Robert Delaunay, Eiffel Tower and Gardens, Champ de Mars, (La Tour Eiffel et Jardin du Champ de Mars) 1922. Courtesy of Smithsonian’s Hirshhorn Museum and Sculpture Garden

By Sheila Wickouski

No two visits to  “Revolutions: Art from the Hirshhorn Collection, 1860–1960”  at the Hirshhorn Museum and Sculpture Garden will be the same. 

This first of several exhibits celebrating the 50th birthday of the museum is impressive, consisting of over 200 artworks by over 100 artists, a broad scope still representing only a small fraction of the Hirshhorn’s collection of more than 13,000 works. The variety of styles and subjects unfolds in a presentation that is loosely grouped around art movements in the time frame of a century that was marked by major world events and changing ideas in science and technology.

While  organized chronologically,  the exhibit does not  focus  solely on one group of artists or a specific  media  or art movement, but flows through time, presenting  opportunities to  contrast and compare works across time boundaries. 

At the entrance, to introduce the exhibit, shown side by side are  “Modern Beginnings,” an examination of large-scale portraiture (a hallmark of social standing)  of “Mrs. Kate A. Moore” (1884) by John Singer Sargent,  a Hirshhorn gift, with Amoako Boafo’s “Cobalt Blue Dress” (2020), a recent  acquisition.  

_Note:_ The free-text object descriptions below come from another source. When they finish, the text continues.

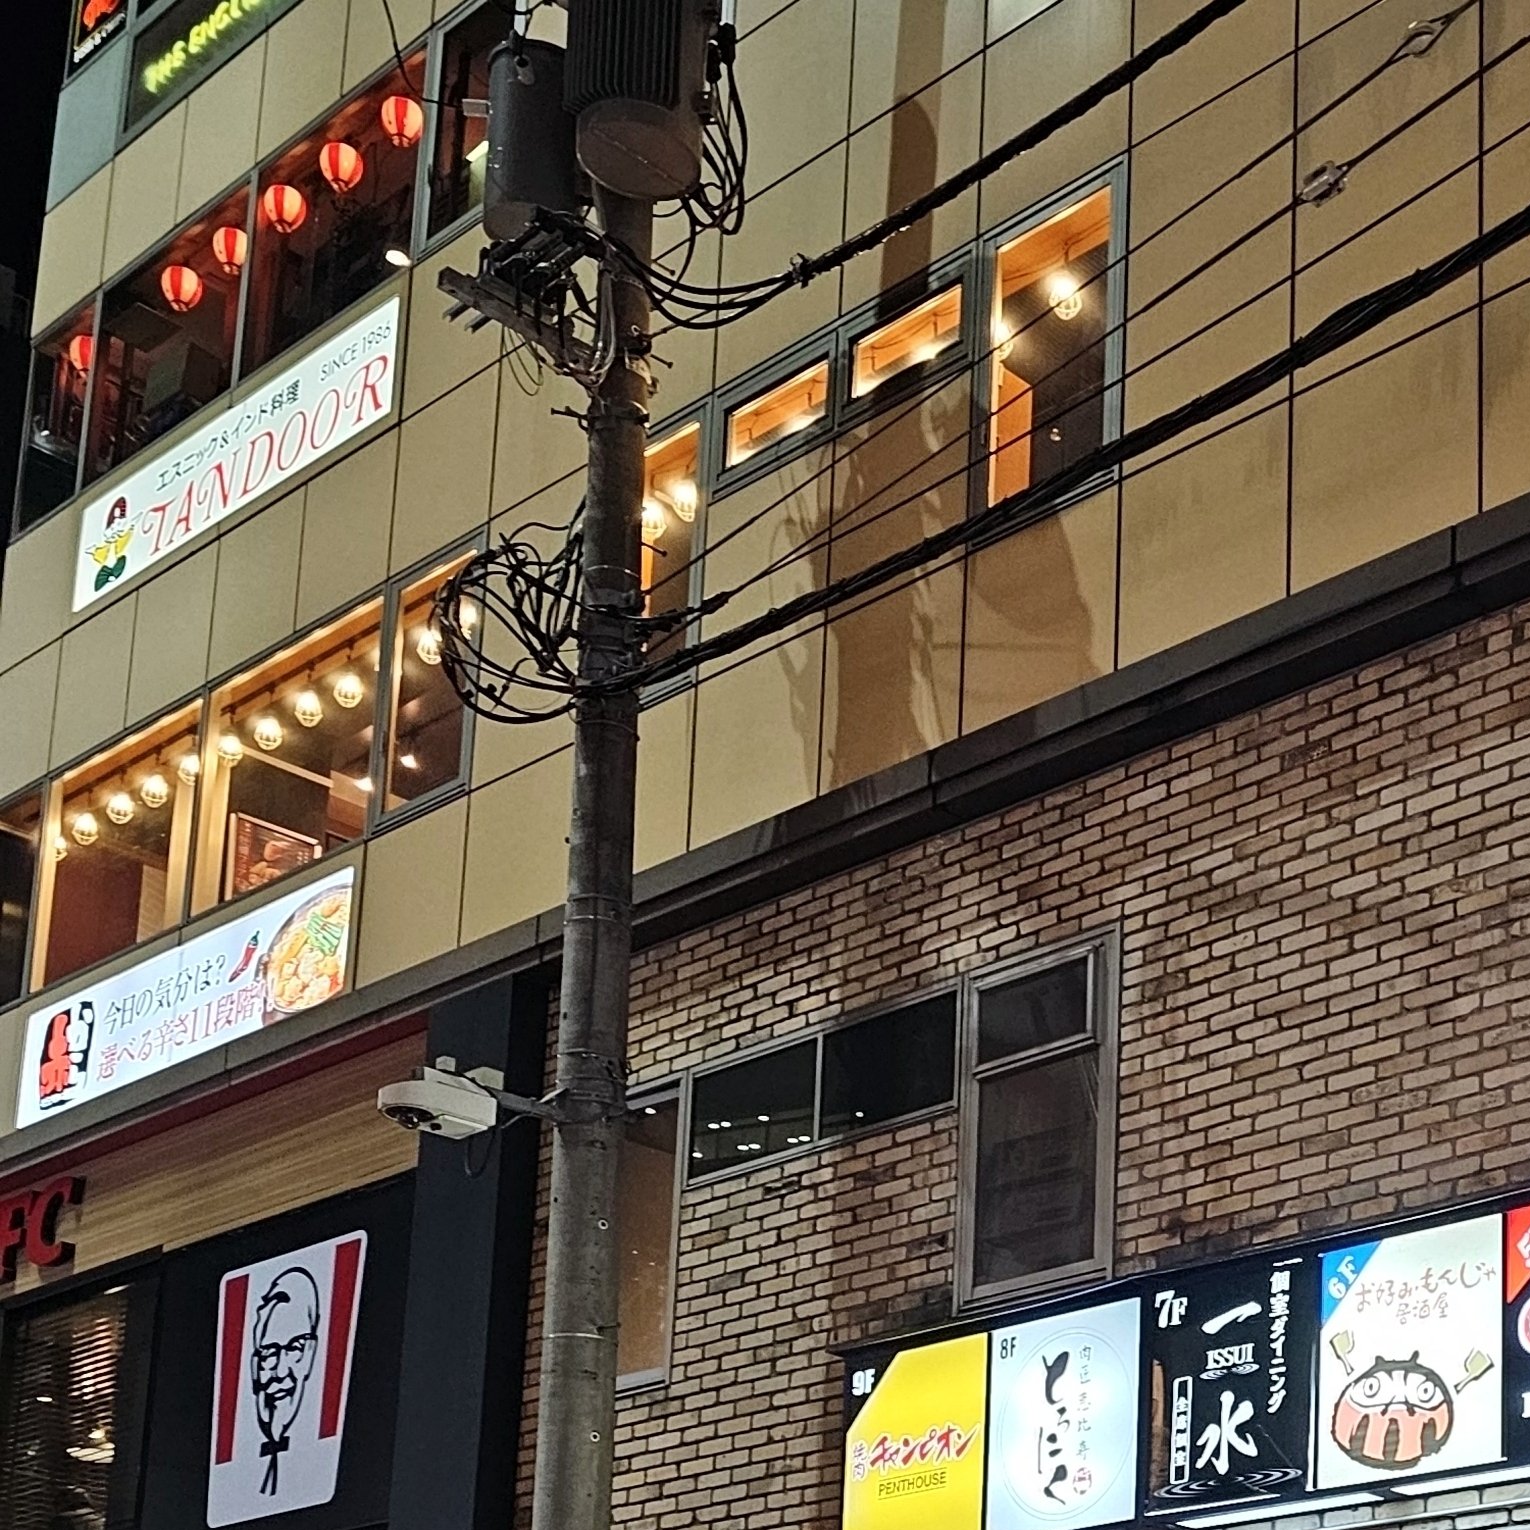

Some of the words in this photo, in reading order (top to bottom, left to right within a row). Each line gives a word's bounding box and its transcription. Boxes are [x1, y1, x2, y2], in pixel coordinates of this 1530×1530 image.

[319, 342, 358, 382] SINCE
[361, 320, 392, 355] 1986
[141, 355, 389, 556] TANDOOR
[103, 954, 226, 1035] 今日の気分は?
[1327, 1256, 1359, 1301] 6F
[1154, 1290, 1188, 1329] 7F
[999, 1336, 1018, 1360] 8F
[1205, 1343, 1255, 1371] ISSUI
[851, 1368, 876, 1397] 9F
[868, 1424, 979, 1470] チャンピオン
[878, 1471, 947, 1497] PENTHOUSE
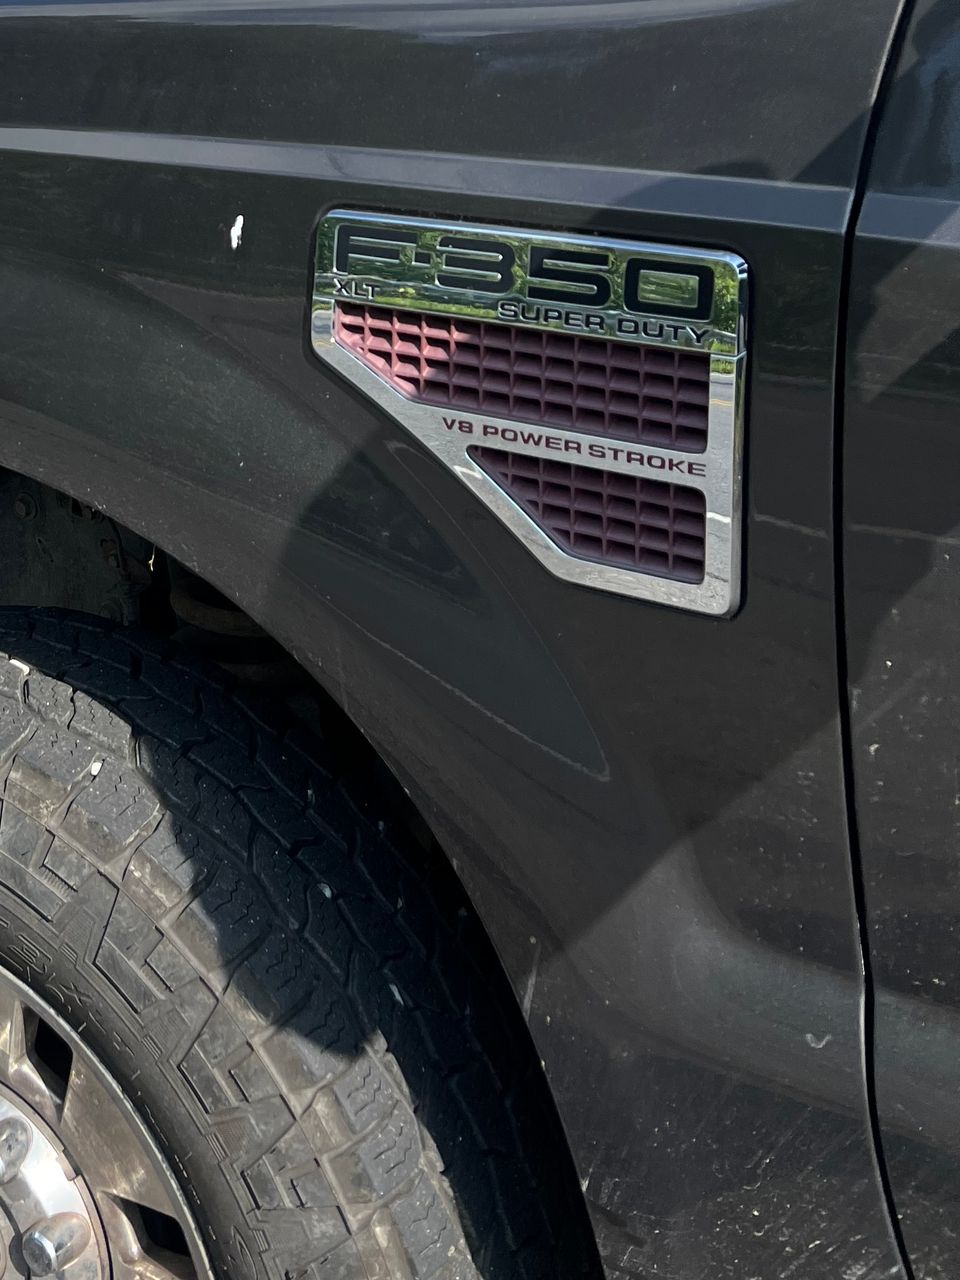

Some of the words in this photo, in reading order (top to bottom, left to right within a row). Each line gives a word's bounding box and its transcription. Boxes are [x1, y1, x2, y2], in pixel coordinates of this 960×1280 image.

[333, 277, 380, 300] XLT
[497, 300, 606, 333] SUPER
[616, 317, 712, 344] DUTY
[441, 417, 474, 435] V8
[483, 424, 583, 455] POWER
[588, 442, 707, 477] STROKE

Moving through the exhibition, all the art is not on the wall. Display cases of sculptural works provide an opportunity to reflect on artists’ work in a variety of media. Henri Matisse’s  “Heads of Jeannette,” five sculptures made between 1910 and 1913,  present  a progression from representation to abstraction, indicating how rapidly 20th-century artists adopted abstract approaches.   

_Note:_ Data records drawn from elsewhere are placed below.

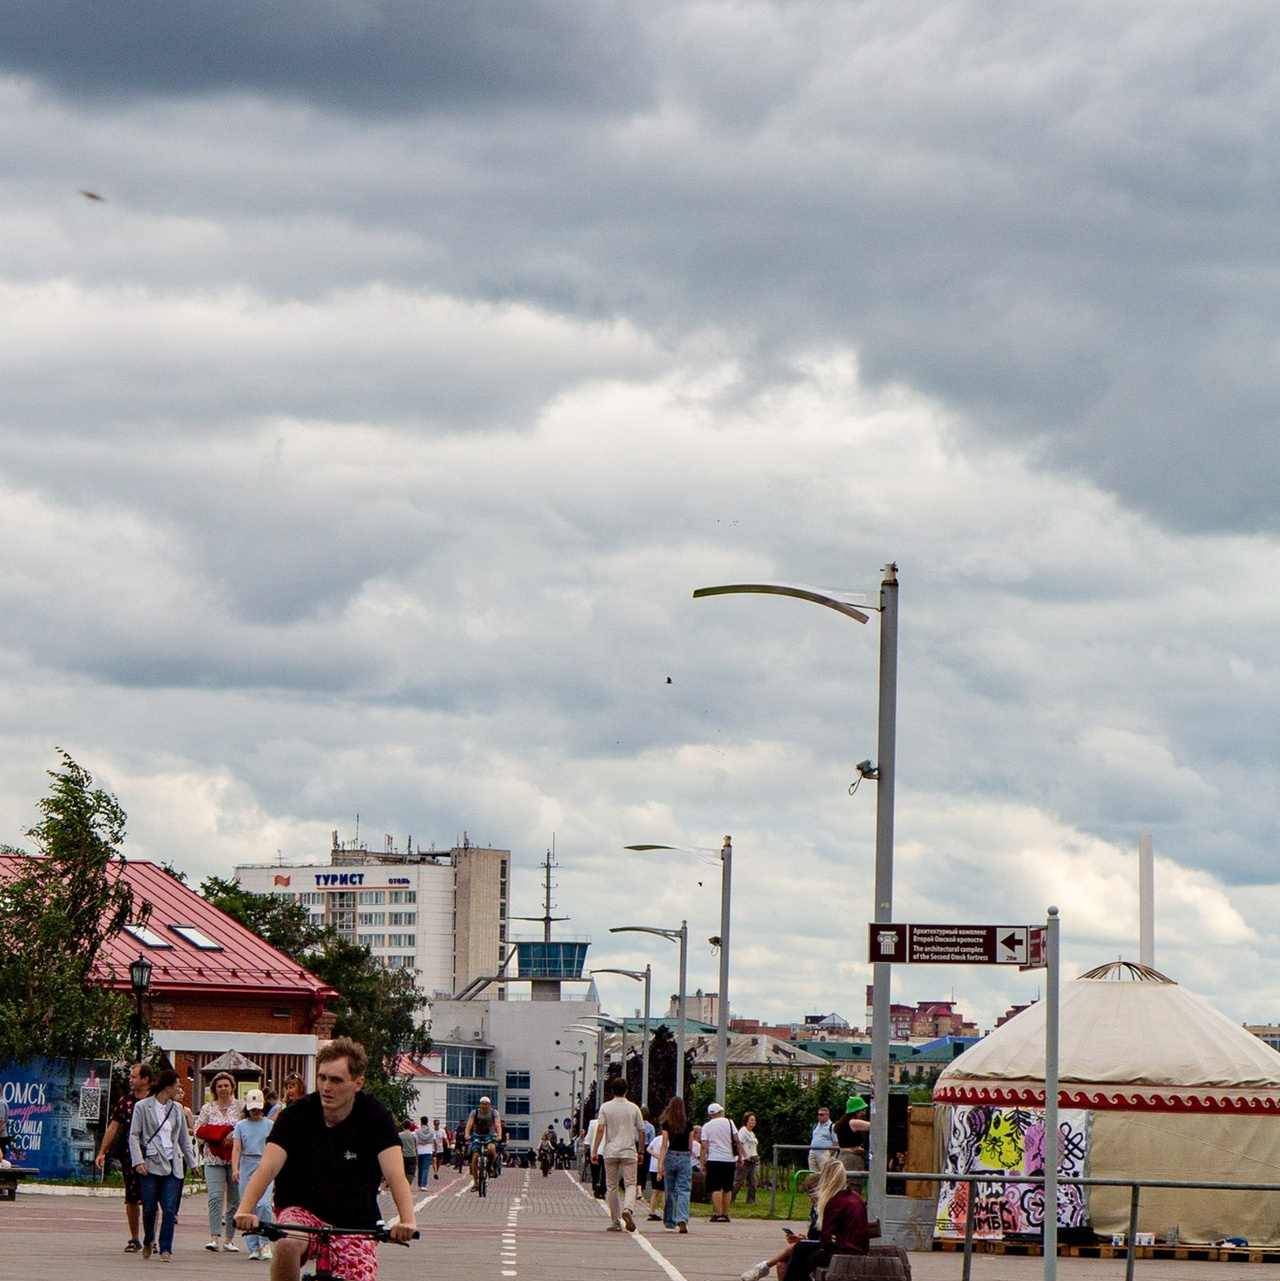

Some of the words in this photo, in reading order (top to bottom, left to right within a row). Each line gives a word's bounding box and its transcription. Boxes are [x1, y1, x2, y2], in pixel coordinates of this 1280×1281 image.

[315, 873, 364, 886] ТУРИСТ
[913, 927, 958, 936] Архитектурный
[913, 935, 934, 943] Второй
[3, 1081, 46, 1105] ОМСК
[8, 1119, 43, 1134] ТОЛИЦА

“Abstraction and Construction” and “Vital Forms” are devoted to work by futurists, including four sculptures by Giacomo Balla, and to cubist works by artists Pablo Picasso, Fernand Léger and Yun Gee.

Modern warfare as well as rising nationalism are reflected in major works such as  Marsden Hartley’s “Painting No. 47, Berlin” (1914–1915) and Childe Hassam’s “The Union Jack, New York, April Morning” (1918).  Surrealism and Abstract Expressionism are well represented, but so too are other artworks, like the realist painting of George Wesley Bellows and Edward Hopper and lyrical landscapes by Georgia O’Keeffe and Horace Pippin.   

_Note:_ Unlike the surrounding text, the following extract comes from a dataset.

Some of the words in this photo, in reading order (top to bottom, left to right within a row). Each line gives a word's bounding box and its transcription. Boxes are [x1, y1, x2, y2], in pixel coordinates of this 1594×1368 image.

What is delightful about the exhibit, and a feature which separates it from a walk through a “history of art”-style exhibit is the opportunities it presents to discover for yourself what is so alike and yet different in the placement of works nearby each other. 

After a guided tour, I returned to view the exhibit on my own and spotted two of my favorite artists so positioned:  Horrace Pippin’s  “Holy Mountain III” (1945) and Daywood Bey’s photograph  “UNTITLED #12 (THE MARSH) “ (2017).  Pippin’s is bright colored while Bey’s photograph is so dark black until you must come very close to see the outlines of the reeds in the marsh at night.   

As an art historian has said, you don’t have to own art works personally if you enjoy and appreciate art to consider it yours. Certainly the vastness and variety of art holdings in the Hirshhorn provide this experience, and a chance to celebrate with the Hirshhorn as they mark 50 years with this collection-spanning exhibition. 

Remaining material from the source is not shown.